In Denmark, pertussis is only a notifiable disease under the age of two.  A 2010 study found that B. pertussis infection may be under-diagnosed among older children and adults with coughs in Denmark - researchers tested samples from 178 patients and 3-12% tested positive. They had up to 12 times the levels of pertussis circulating than the UK in 1999, with no record of what circulating levels are now in those over 2, providing potentially more likelihood of natural boosting.  If we then also consider that nearly 100% of mothers in Denmark initiate breastfeeding - I don't think we can really draw any direct comparisons to the UK - the reality is, as I see it that as of yet, nobody really knows for sure.

The other thing worth considering when discussing the big picture of pertussis, is parapertussis.  This is another bacteria of the genus Bordetella, and produces similar symptoms to whooping cough but is generally milder.

We have always known that the pertussis vaccination didn't protect against parapertussis, but what has recently come to light is that the pertussis vaccination appears to hinder the body's response in dealing with the parapertussis bacteria, as well as potentially enhancing the performance of this pathogen.  Researchers of the 2015 study concluded:
"Thus, we conclude that aP vaccination interferes with the optimal clearance of B. parapertussis and enhances the performance of this pathogen.

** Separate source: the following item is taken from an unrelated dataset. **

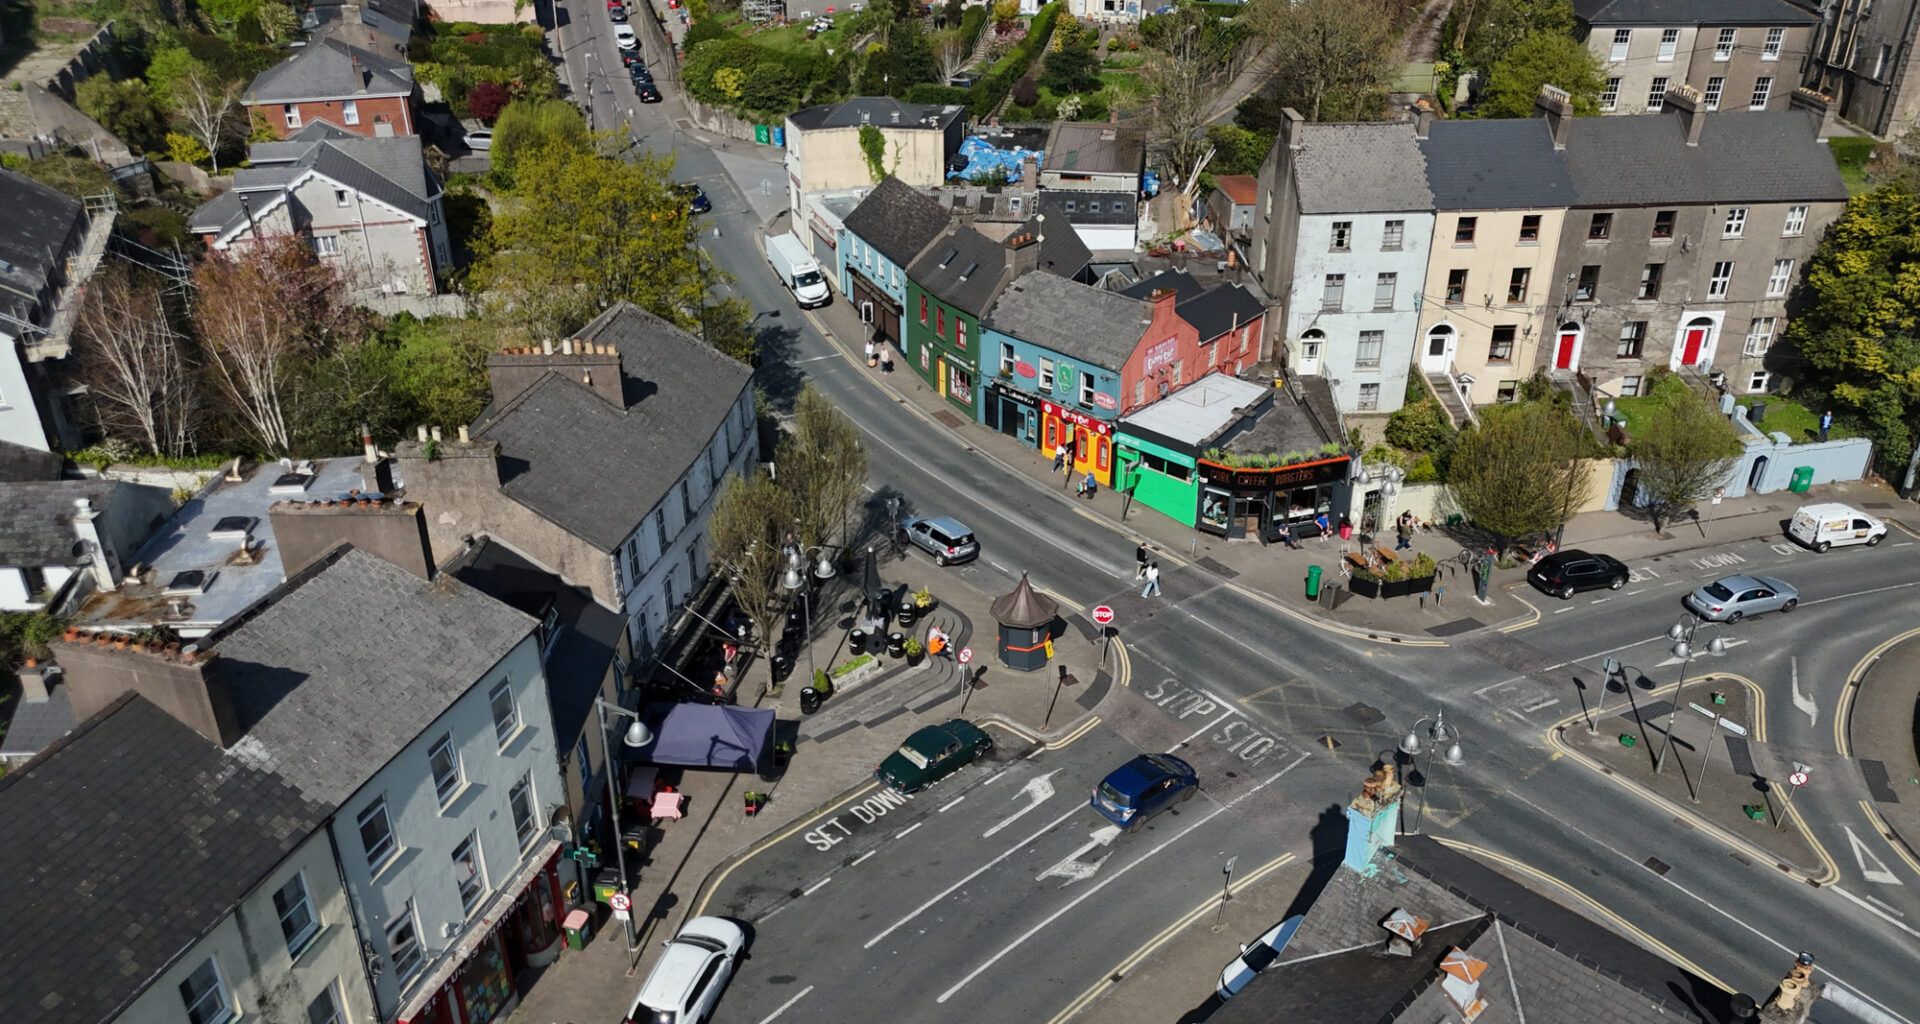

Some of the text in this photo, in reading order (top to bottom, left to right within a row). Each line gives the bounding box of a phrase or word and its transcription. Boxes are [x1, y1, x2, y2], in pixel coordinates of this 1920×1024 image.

Our data raise the possibility that widespread aP vaccination can create hosts more susceptible to B. parapertussis infection."
Although currently milder, increased cases of parapertussis are still going to increase the burden in terms of healthcare costs to a community, as parents seek diagnosis and healthcare providers run tests to identify the bacteria in question.  Increasing breastfeeding and breastmilk feeding rates, is also likely to reduce incidence; in addition to the evidence already discussed, this paper found that mucosal immunity*, including IgA antibodies (as found in breastmilk) might play an important role in protecting against parapertussis.

What we do know is that pertussis in unpredictable, is cyclic in nature and epidemics can occur.  We also have to acknowledge that achieving very high rates of maternal vaccination may be difficult to achieve, and that any longer-term implications of this are still yet to be fully understood.  As breastfeeding appears to offer some level of protection with low levels or even without antibodies present, all parents should receive this information - whether they plan to vaccinate themselves and their baby or not.

Therefore the question we have to ask is can we truly make informed choices about how we feed our infants, without transparency about a disease like pertussis?